* _Aim of the exercise_:
Each line below from the "this 1500×1000 image." line through the "this 1200×1600 image." line, those two included, must be restated word for word; the pictures must not be.

>>>

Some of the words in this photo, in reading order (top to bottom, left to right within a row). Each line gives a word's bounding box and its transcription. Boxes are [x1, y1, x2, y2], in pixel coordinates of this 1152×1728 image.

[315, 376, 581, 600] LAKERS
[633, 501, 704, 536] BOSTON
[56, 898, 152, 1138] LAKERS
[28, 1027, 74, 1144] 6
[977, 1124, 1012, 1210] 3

<<<
>>>

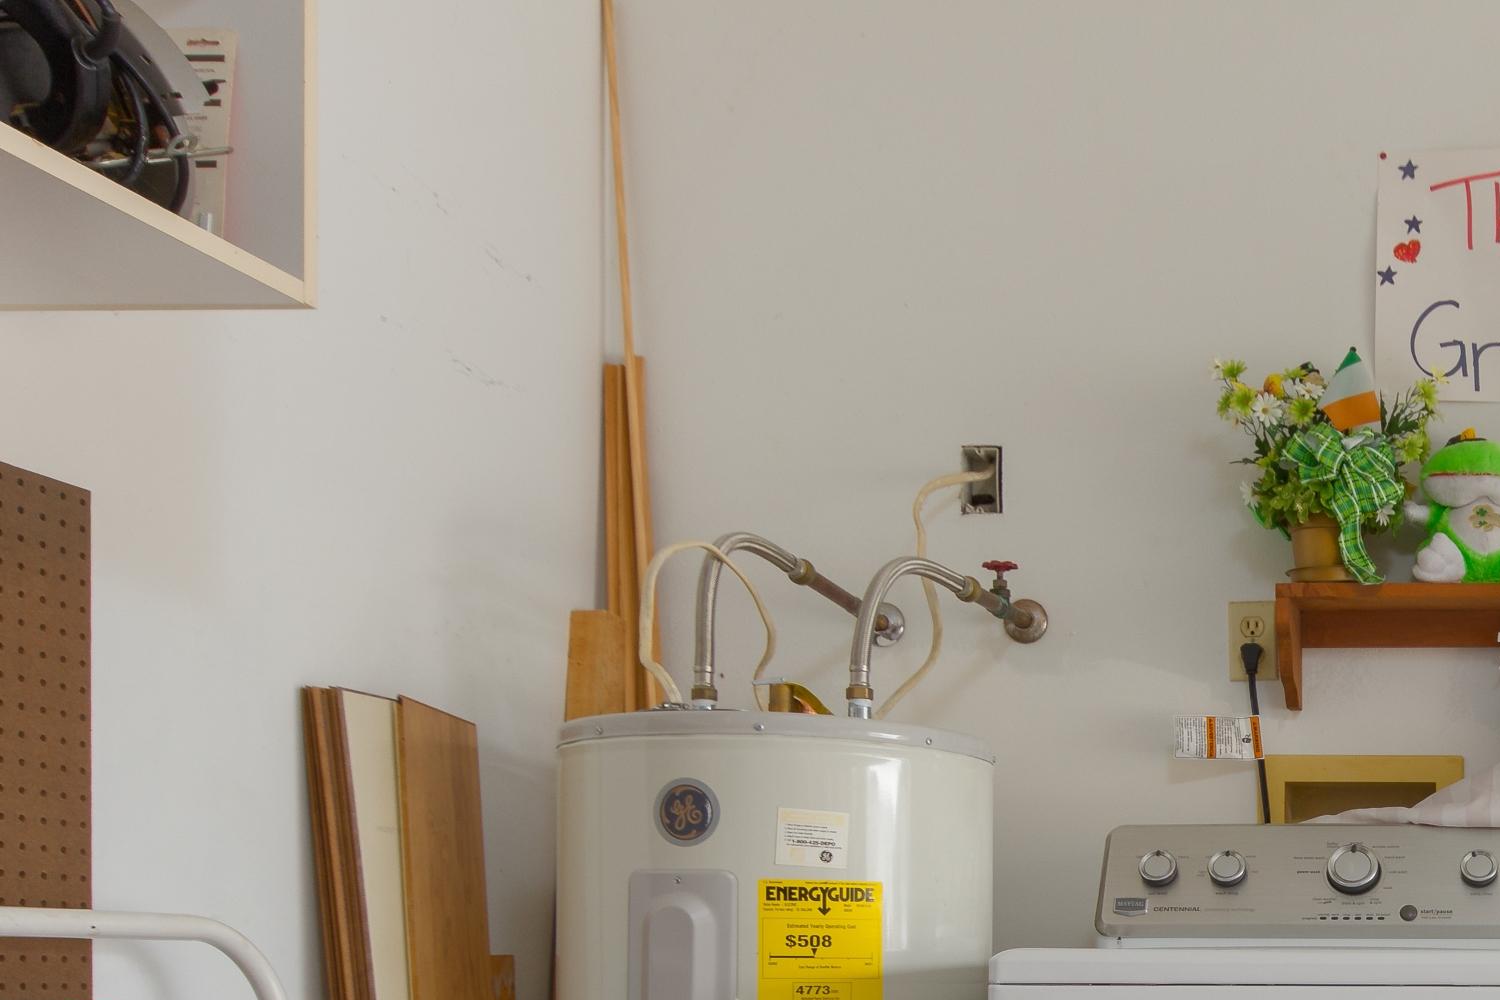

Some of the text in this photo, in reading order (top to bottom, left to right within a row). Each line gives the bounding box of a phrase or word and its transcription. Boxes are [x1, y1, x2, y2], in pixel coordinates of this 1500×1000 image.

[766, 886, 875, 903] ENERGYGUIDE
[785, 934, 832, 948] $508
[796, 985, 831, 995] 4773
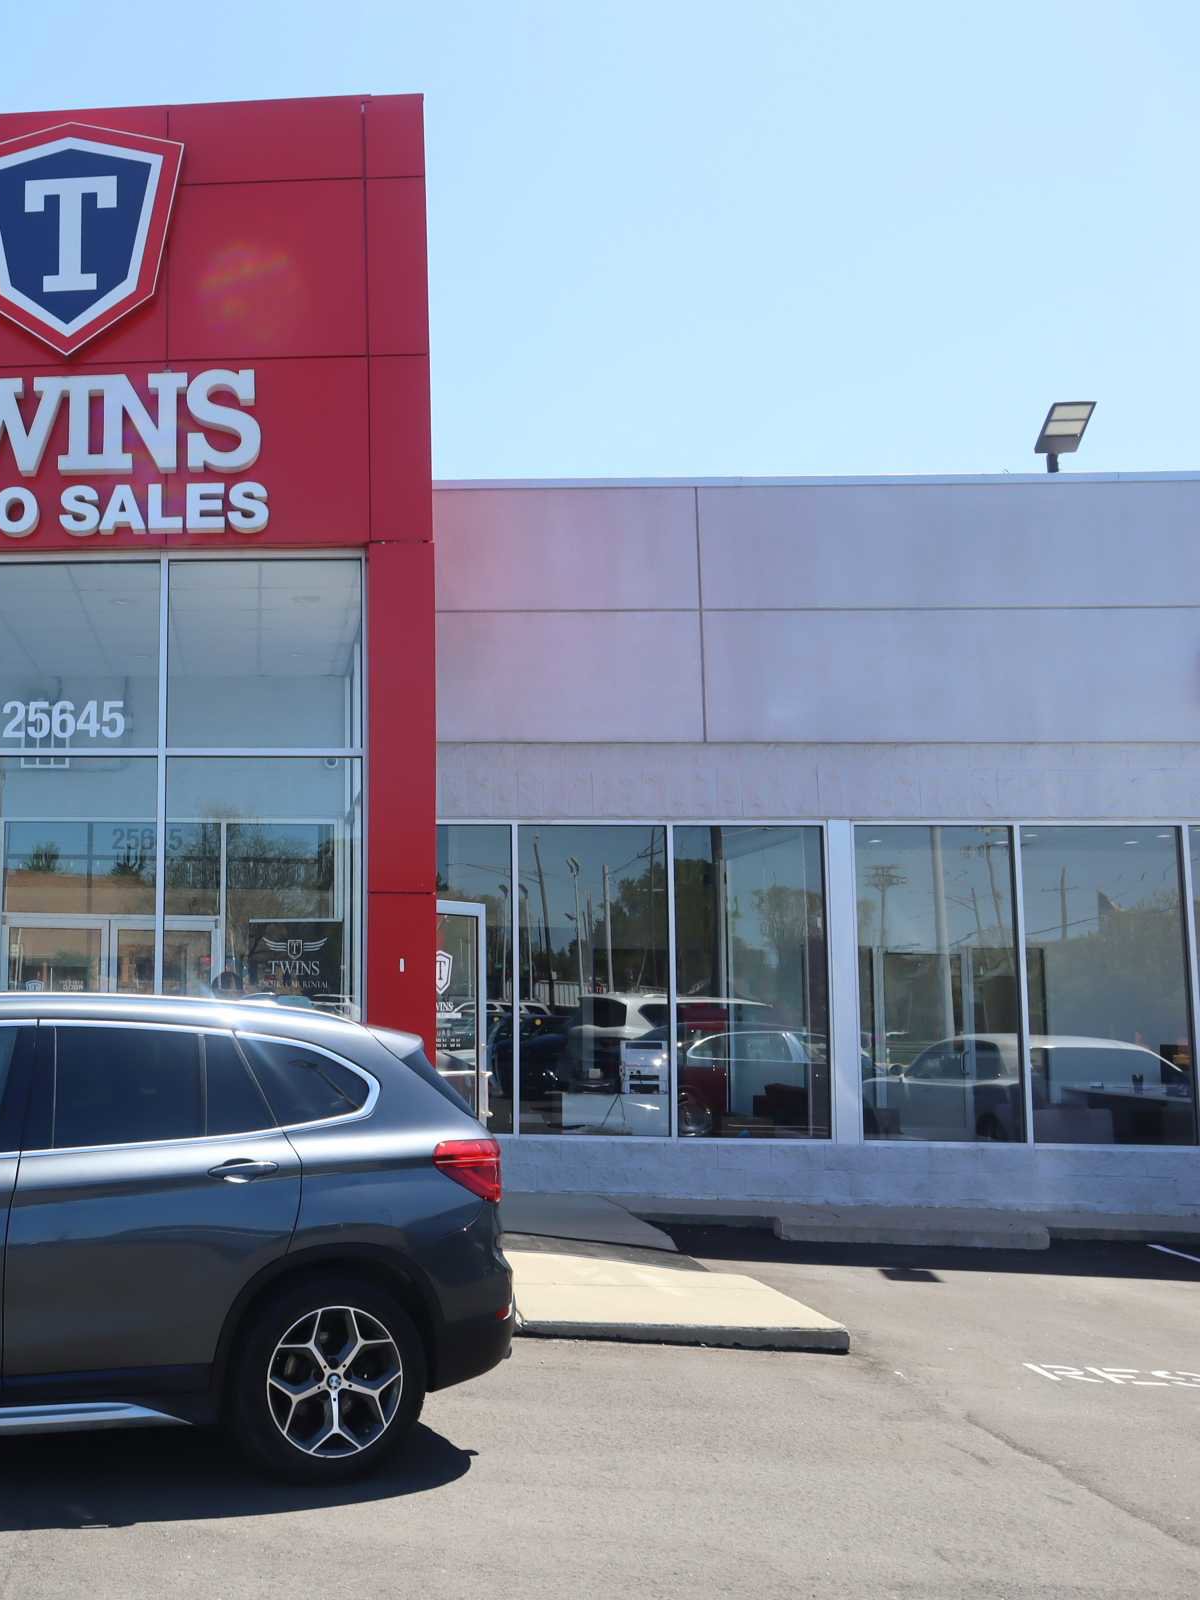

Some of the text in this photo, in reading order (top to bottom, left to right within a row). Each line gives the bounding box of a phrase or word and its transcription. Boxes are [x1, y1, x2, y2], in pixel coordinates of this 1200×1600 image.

<<<
>>>

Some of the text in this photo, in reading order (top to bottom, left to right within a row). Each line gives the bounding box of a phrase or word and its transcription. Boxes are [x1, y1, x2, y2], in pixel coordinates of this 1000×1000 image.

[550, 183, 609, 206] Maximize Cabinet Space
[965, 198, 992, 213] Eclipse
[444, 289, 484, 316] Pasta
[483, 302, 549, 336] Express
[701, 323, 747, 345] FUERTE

<<<

* _Solution to this task_:
Some of the text in this photo, in reading order (top to bottom, left to right within a row). Each line gives the bounding box of a phrase or word and its transcription. Boxes are [x1, y1, x2, y2], in pixel coordinates of this 1500×1000 image.

[766, 886, 875, 903] ENERGYGUIDE
[785, 934, 832, 948] $508
[796, 985, 831, 995] 4773

Some of the text in this photo, in reading order (top to bottom, left to right within a row). Each line gives the bounding box of a phrase or word and its transcription. Boxes are [x1, y1, x2, y2], in pixel coordinates of this 1200×1600 image.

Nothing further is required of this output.